(Stored items from a collection)
· · ·

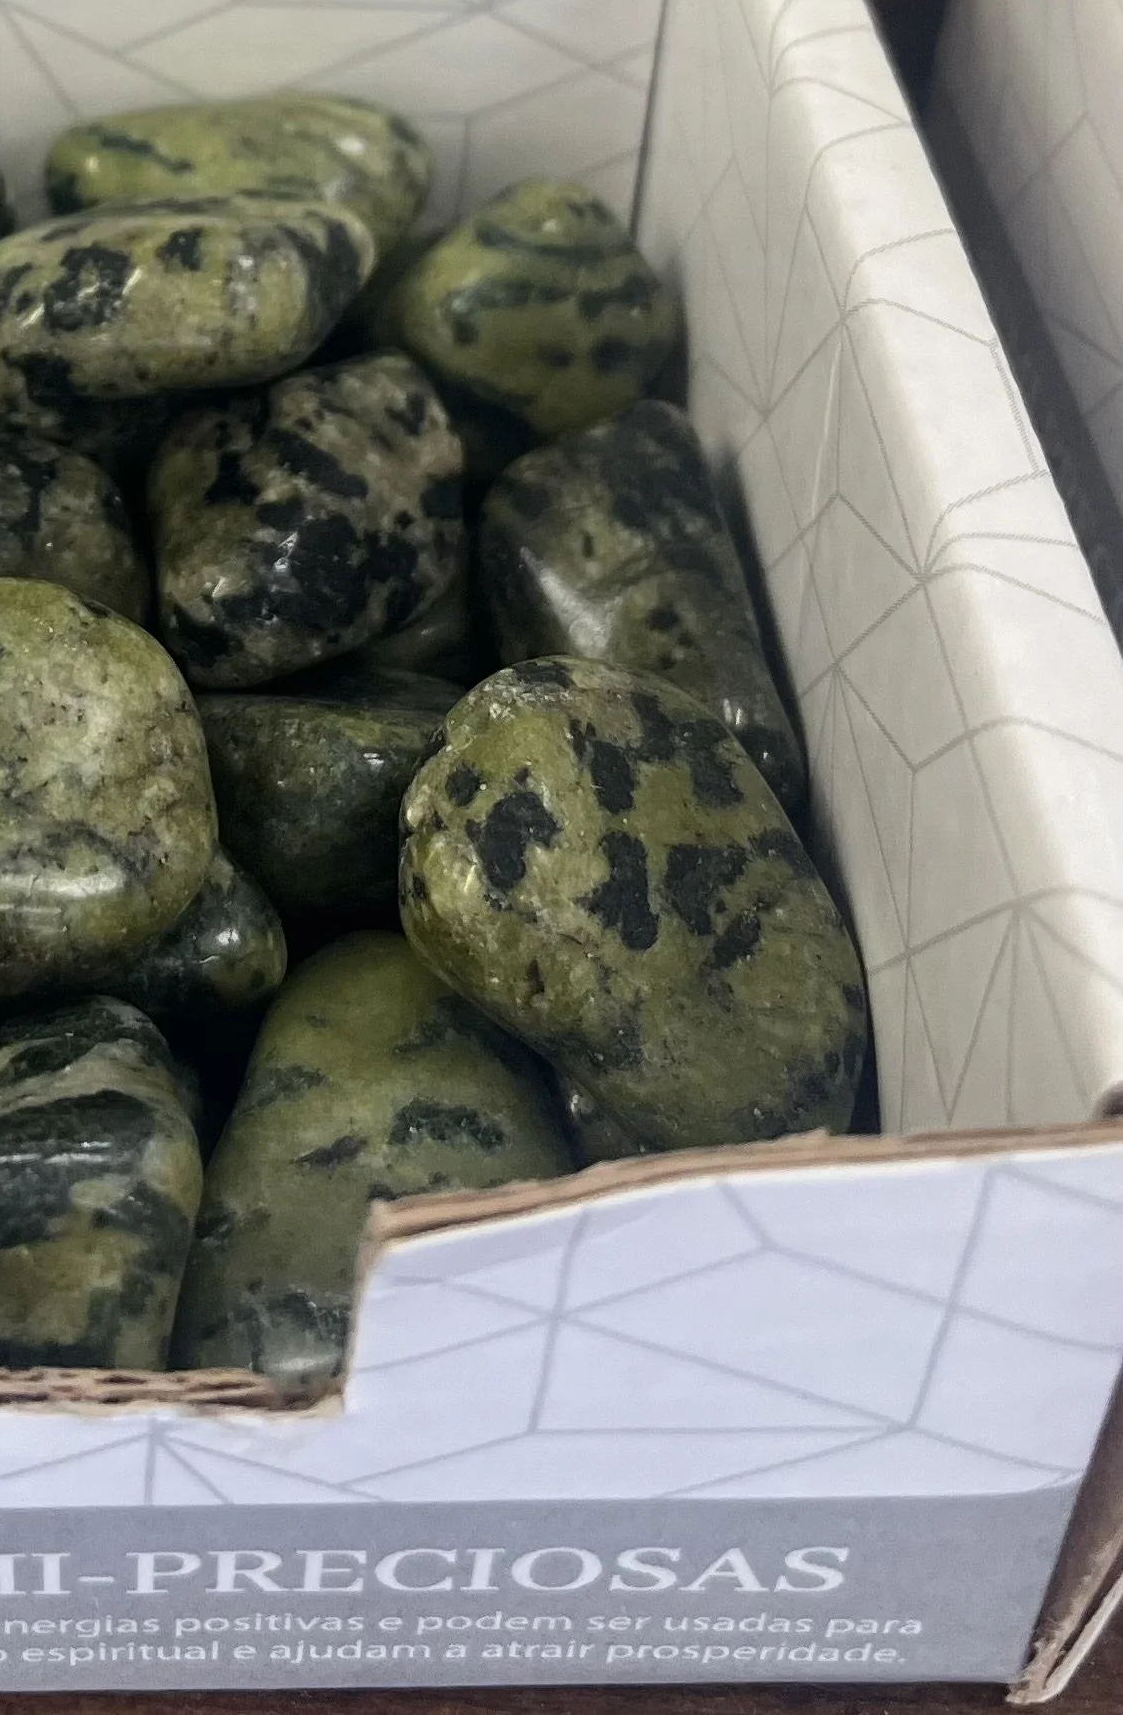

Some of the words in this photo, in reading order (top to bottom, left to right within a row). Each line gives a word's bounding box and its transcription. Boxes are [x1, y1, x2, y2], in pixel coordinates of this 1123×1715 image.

[174, 1612, 365, 1639] positivas
[377, 1616, 404, 1632] e
[414, 1610, 573, 1636] podem
[586, 1615, 652, 1632] ser
[663, 1612, 814, 1634] usadas
[824, 1618, 924, 1639] para
[20, 1640, 219, 1666] espiritual
[232, 1643, 258, 1660] e
[268, 1639, 431, 1664] ajudam
[442, 1642, 467, 1660] a
[480, 1640, 595, 1660] atrair
[605, 1641, 908, 1663] prosperidade.
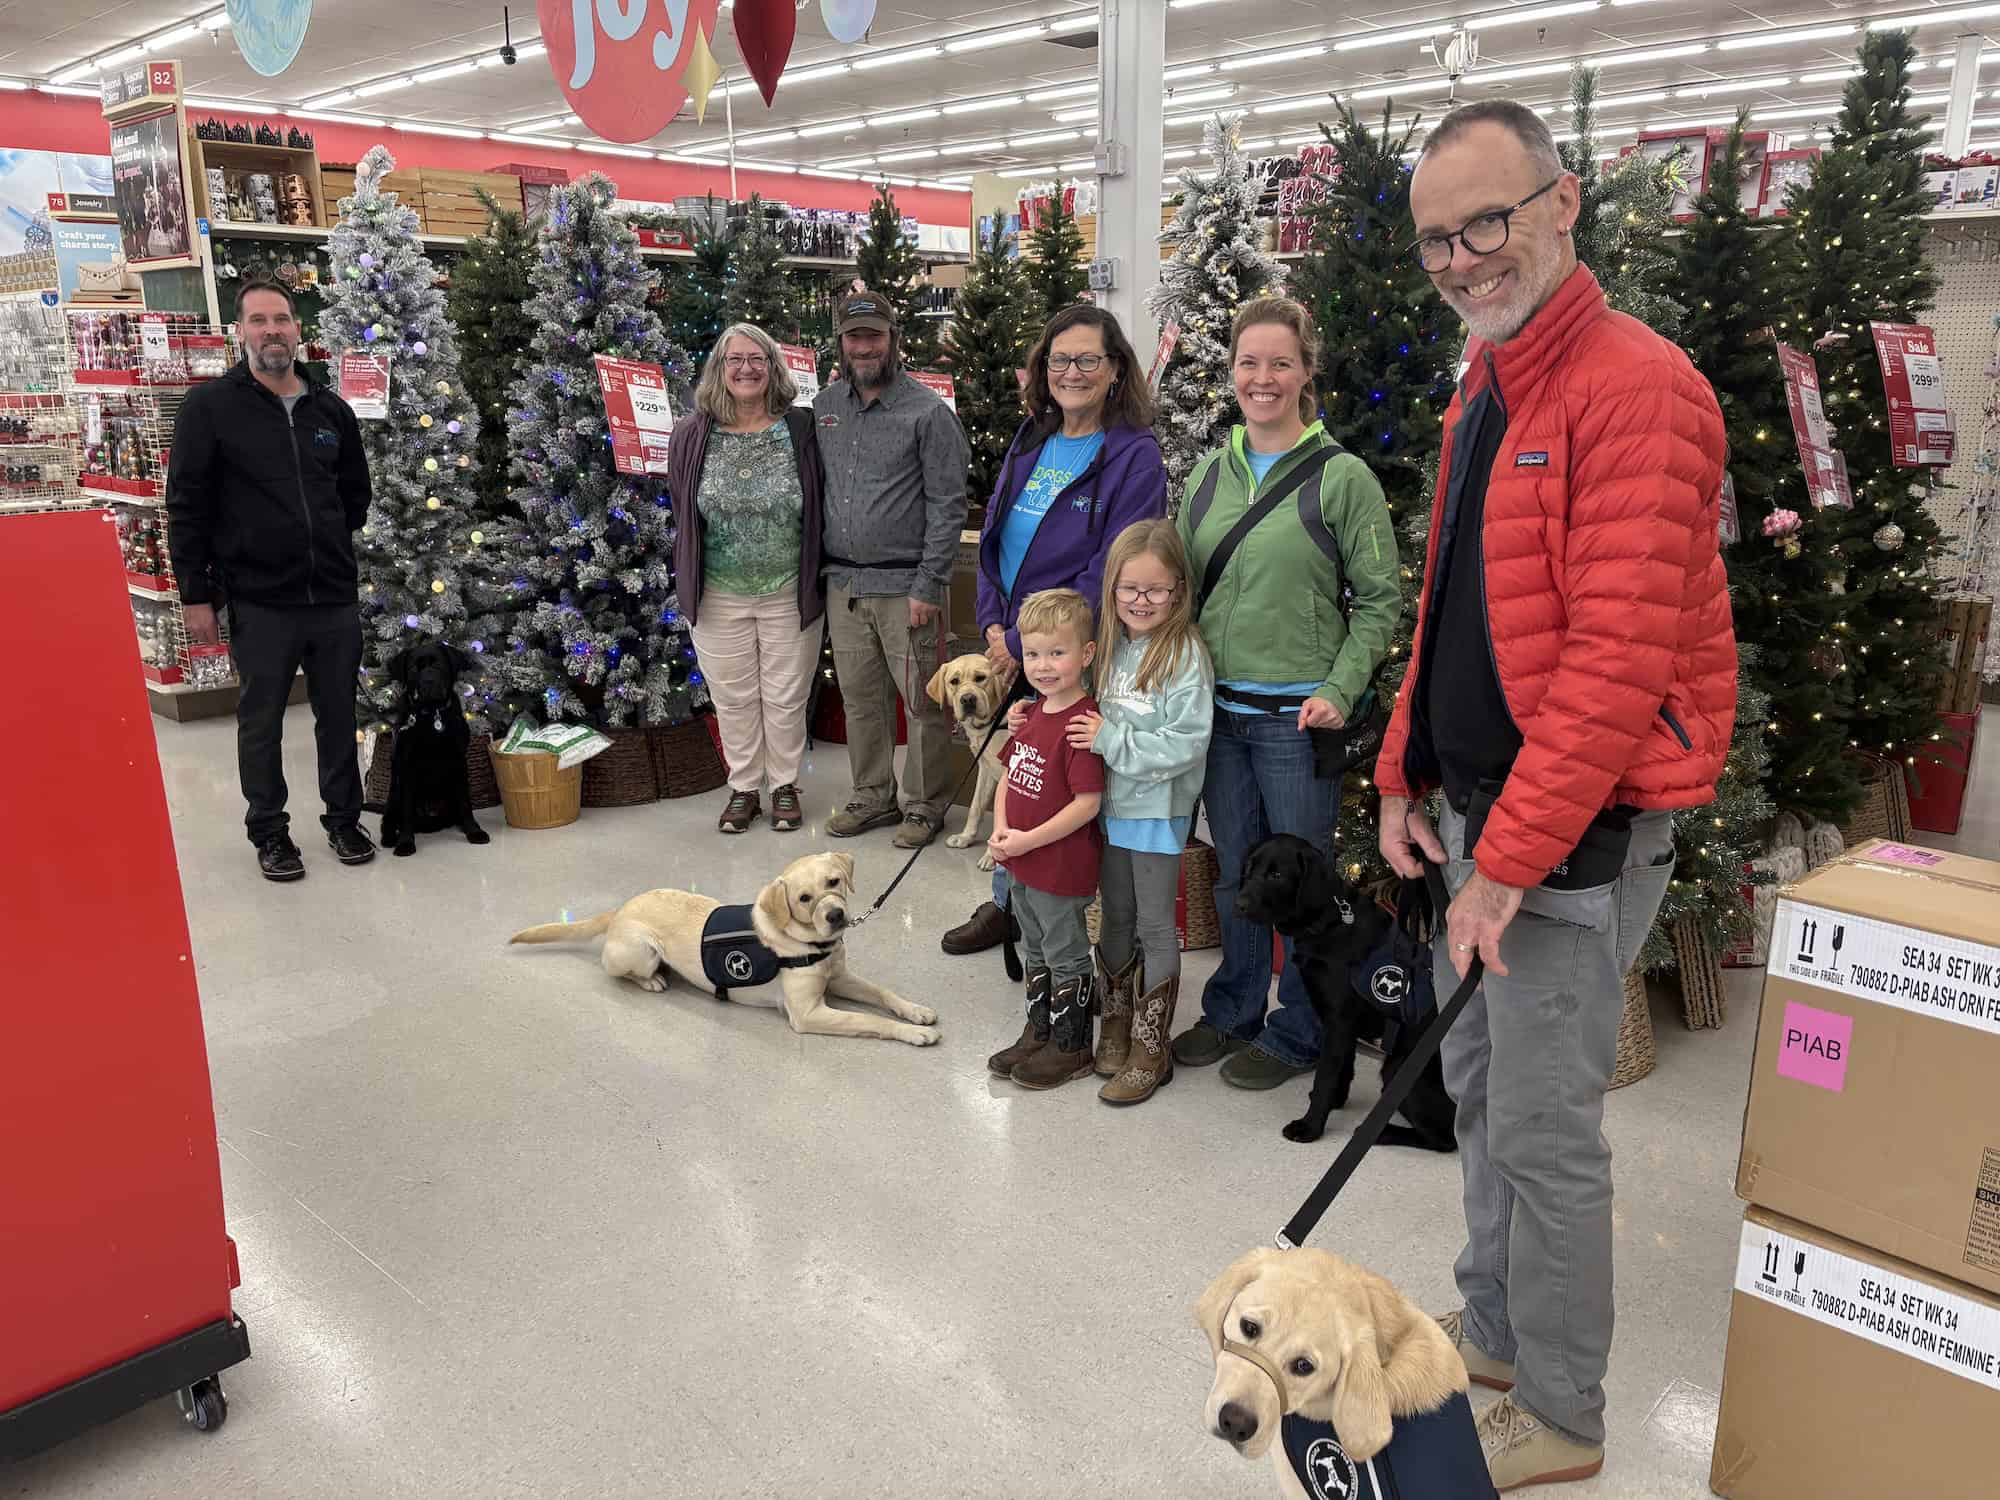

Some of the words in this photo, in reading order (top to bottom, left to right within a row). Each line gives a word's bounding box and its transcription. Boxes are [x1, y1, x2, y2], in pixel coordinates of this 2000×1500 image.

[568, 0, 689, 90] joy
[153, 71, 171, 86] 82
[51, 198, 63, 207] 78
[75, 200, 102, 209] Jewelry
[58, 231, 83, 240] Craft
[84, 232, 106, 241] your
[60, 240, 90, 249] charm
[91, 241, 118, 251] story.
[144, 314, 163, 323] Sale
[1907, 341, 1929, 354] Sale
[792, 358, 811, 371] Sale
[632, 373, 657, 387] Sale
[1032, 466, 1072, 484] DOGS
[1013, 769, 1043, 793] LIVES
[1902, 945, 1925, 971] SEA
[1927, 952, 1942, 975] 34
[1946, 956, 1971, 981] SET
[1972, 961, 1993, 987] WK
[1820, 969, 1845, 986] FRAGILE
[1849, 964, 1888, 993] 790882
[1889, 973, 1930, 1003] D-PIAB
[1930, 984, 1957, 1010] ASH
[1958, 991, 1986, 1017] ORN
[1786, 1028, 1842, 1061] PIAB
[1783, 1289, 1806, 1308] FRAGILE
[1859, 1278, 1881, 1304] SEA
[1883, 1287, 1896, 1309] 34
[1900, 1293, 1924, 1319] SET
[1925, 1300, 1944, 1327] WK
[1944, 1309, 1959, 1333] 34
[1811, 1289, 1847, 1318] 790882
[1849, 1303, 1886, 1333] D-PIAB
[1886, 1317, 1911, 1344] ASH
[1912, 1326, 1937, 1353] ORN
[1938, 1336, 1995, 1375] FEMININE
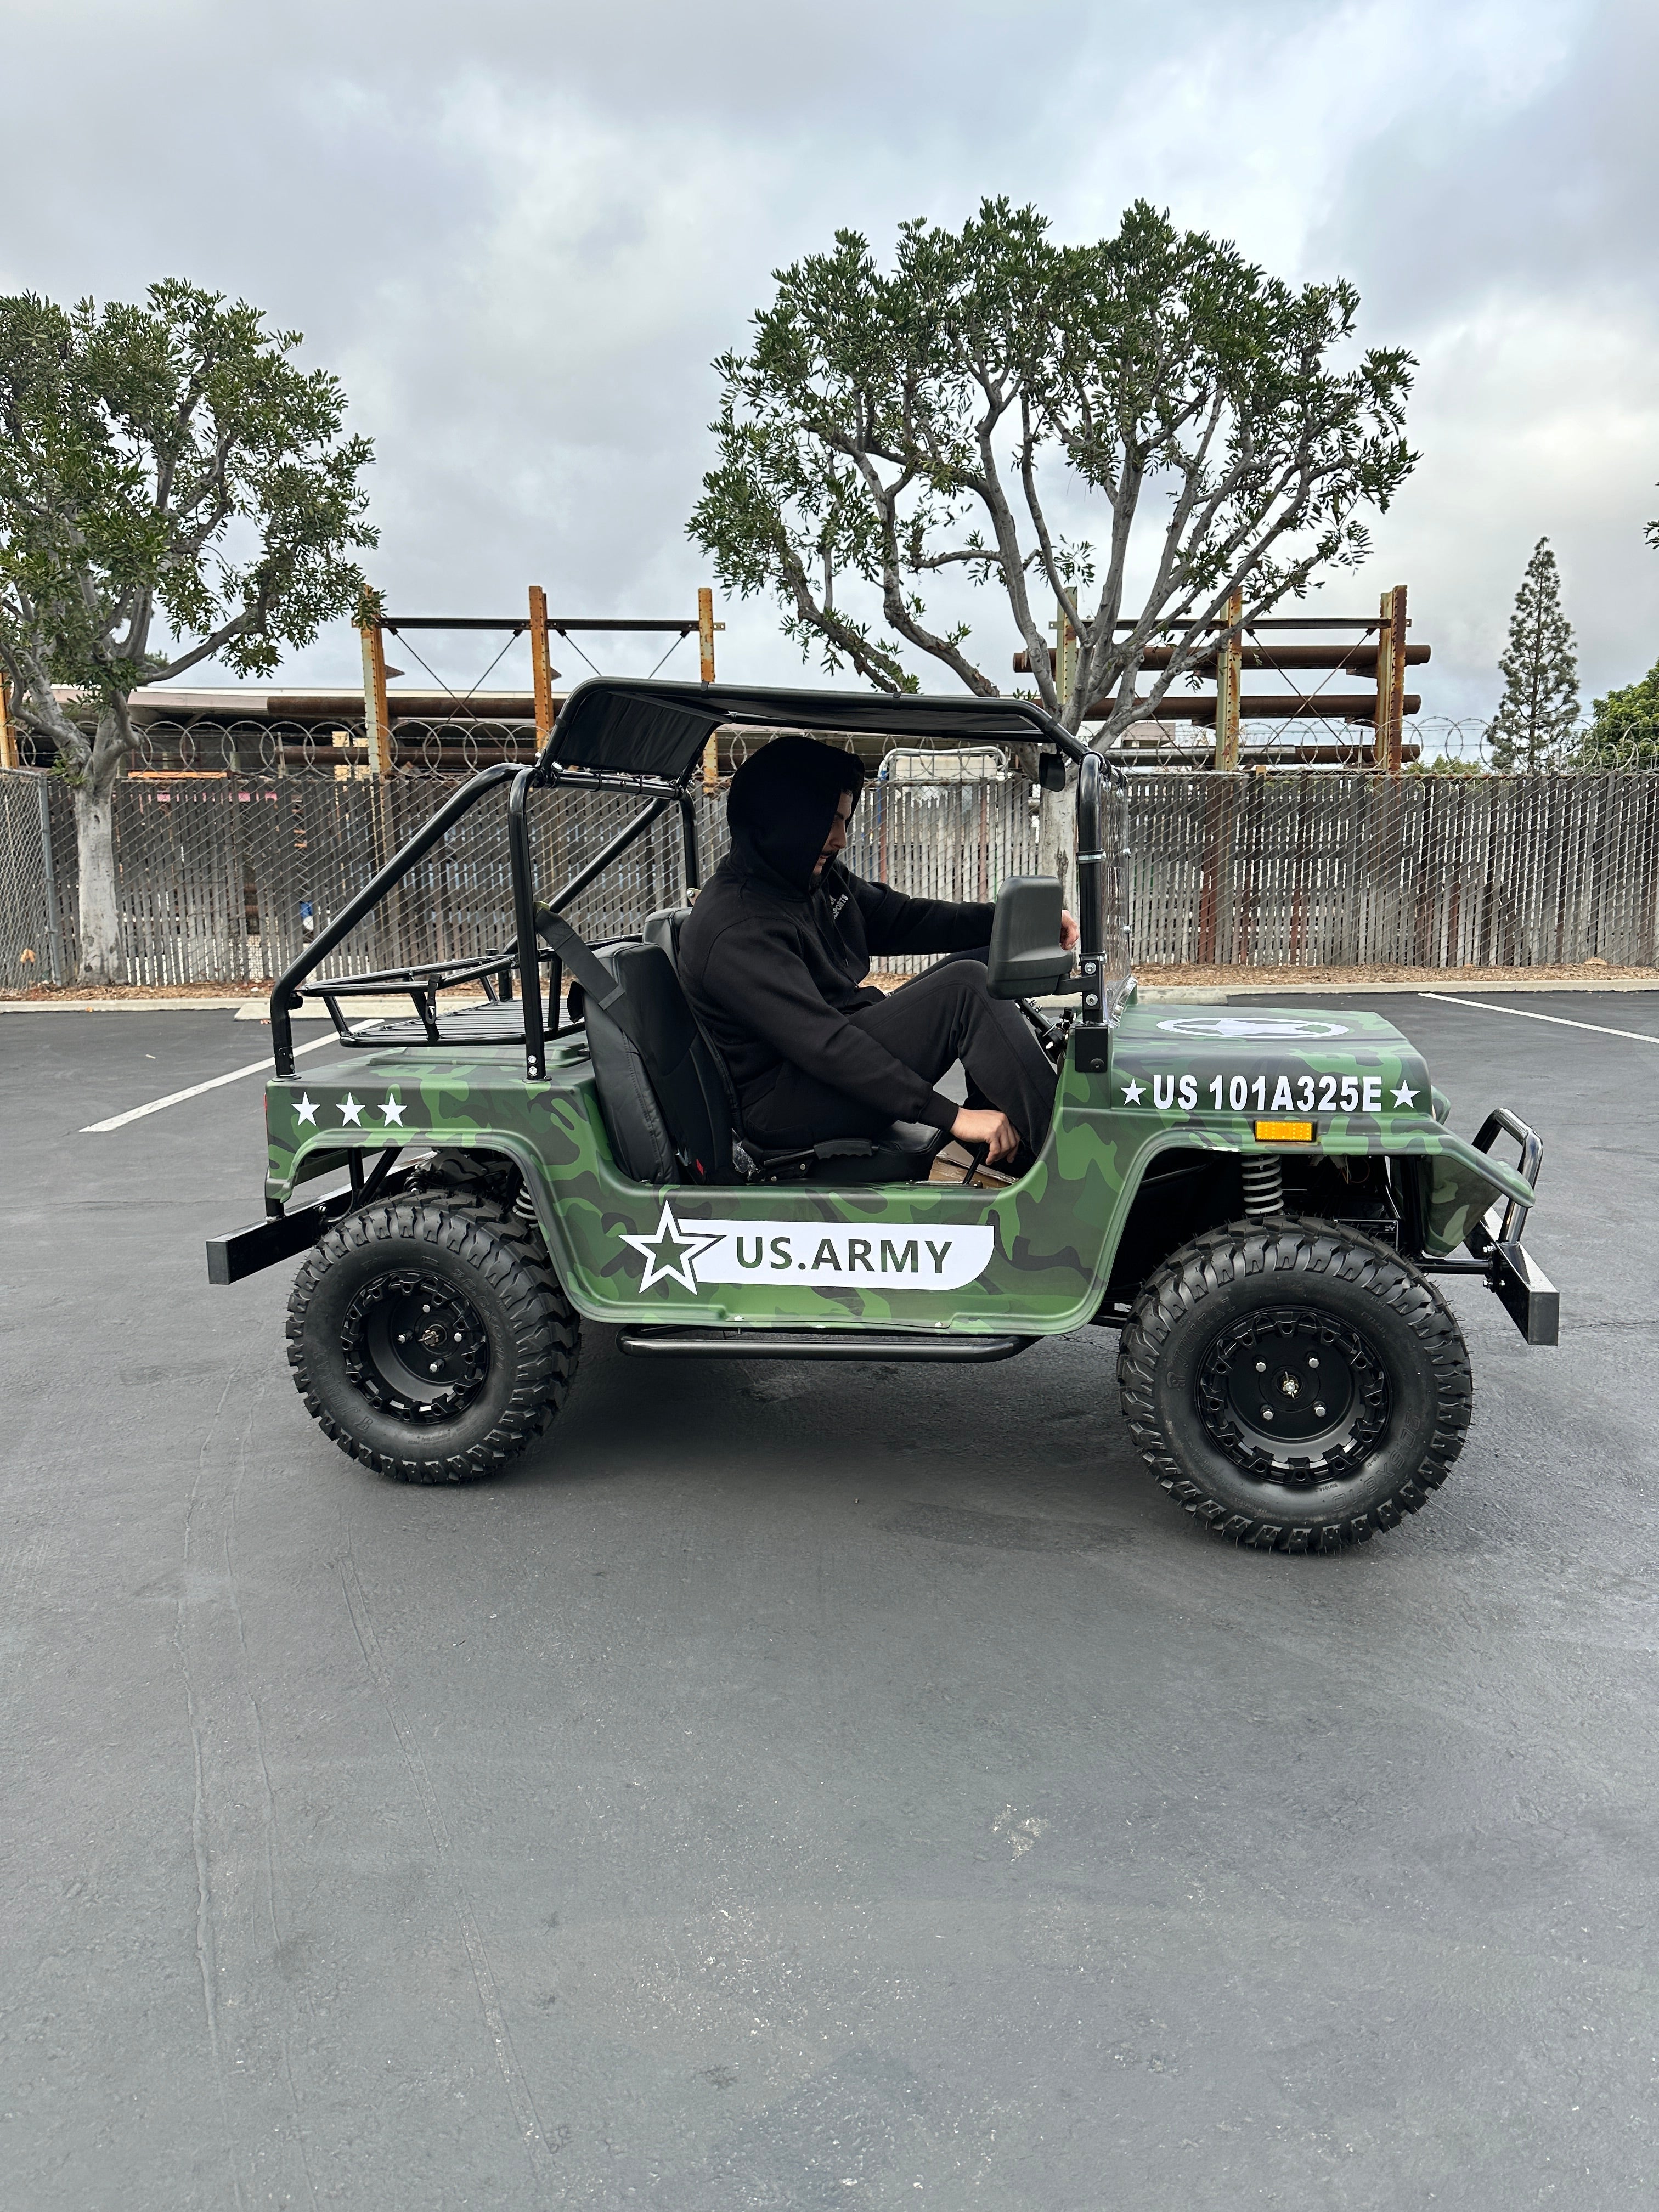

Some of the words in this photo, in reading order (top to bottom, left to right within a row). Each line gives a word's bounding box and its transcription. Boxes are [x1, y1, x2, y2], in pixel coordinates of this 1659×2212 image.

[833, 894, 849, 919] SPORTS
[1153, 1075, 1198, 1110] US
[1209, 1075, 1383, 1111] 101A325E
[737, 1236, 953, 1274] US.ARMY

· · ·

--- Exercise directions ---
In the copy, include each entry exactly as written and none of the pictures.

--- Completed task ---
Some of the words in this photo, in reading order (top to bottom, left to right within a row). Each line gives a word's bounding box and its transcription. Boxes are [x1, y1, x2, y2], in pixel coordinates of this 1123×1715 image.

[174, 1612, 365, 1639] positivas
[377, 1616, 404, 1632] e
[414, 1610, 573, 1636] podem
[586, 1615, 652, 1632] ser
[663, 1612, 814, 1634] usadas
[824, 1618, 924, 1639] para
[20, 1640, 219, 1666] espiritual
[232, 1643, 258, 1660] e
[268, 1639, 431, 1664] ajudam
[442, 1642, 467, 1660] a
[480, 1640, 595, 1660] atrair
[605, 1641, 908, 1663] prosperidade.

Some of the words in this photo, in reading order (top to bottom, left to right within a row). Each line gives a word's bounding box and its transcription. Boxes are [x1, y1, x2, y2], in pixel coordinates of this 2000×1500 image.

[568, 0, 689, 90] joy
[153, 71, 171, 86] 82
[51, 198, 63, 207] 78
[75, 200, 102, 209] Jewelry
[58, 231, 83, 240] Craft
[84, 232, 106, 241] your
[60, 240, 90, 249] charm
[91, 241, 118, 251] story.
[144, 314, 163, 323] Sale
[1907, 341, 1929, 354] Sale
[792, 358, 811, 371] Sale
[632, 373, 657, 387] Sale
[1032, 466, 1072, 484] DOGS
[1013, 769, 1043, 793] LIVES
[1902, 945, 1925, 971] SEA
[1927, 952, 1942, 975] 34
[1946, 956, 1971, 981] SET
[1972, 961, 1993, 987] WK
[1820, 969, 1845, 986] FRAGILE
[1849, 964, 1888, 993] 790882
[1889, 973, 1930, 1003] D-PIAB
[1930, 984, 1957, 1010] ASH
[1958, 991, 1986, 1017] ORN
[1786, 1028, 1842, 1061] PIAB
[1783, 1289, 1806, 1308] FRAGILE
[1859, 1278, 1881, 1304] SEA
[1883, 1287, 1896, 1309] 34
[1900, 1293, 1924, 1319] SET
[1925, 1300, 1944, 1327] WK
[1944, 1309, 1959, 1333] 34
[1811, 1289, 1847, 1318] 790882
[1849, 1303, 1886, 1333] D-PIAB
[1886, 1317, 1911, 1344] ASH
[1912, 1326, 1937, 1353] ORN
[1938, 1336, 1995, 1375] FEMININE

Some of the words in this photo, in reading order (top to bottom, left to right within a row). Each line gives a word's bounding box and its transcription. Boxes are [x1, y1, x2, y2], in pixel coordinates of this 1659×2212 image.

[833, 894, 849, 919] SPORTS
[1153, 1075, 1198, 1110] US
[1209, 1075, 1383, 1111] 101A325E
[737, 1236, 953, 1274] US.ARMY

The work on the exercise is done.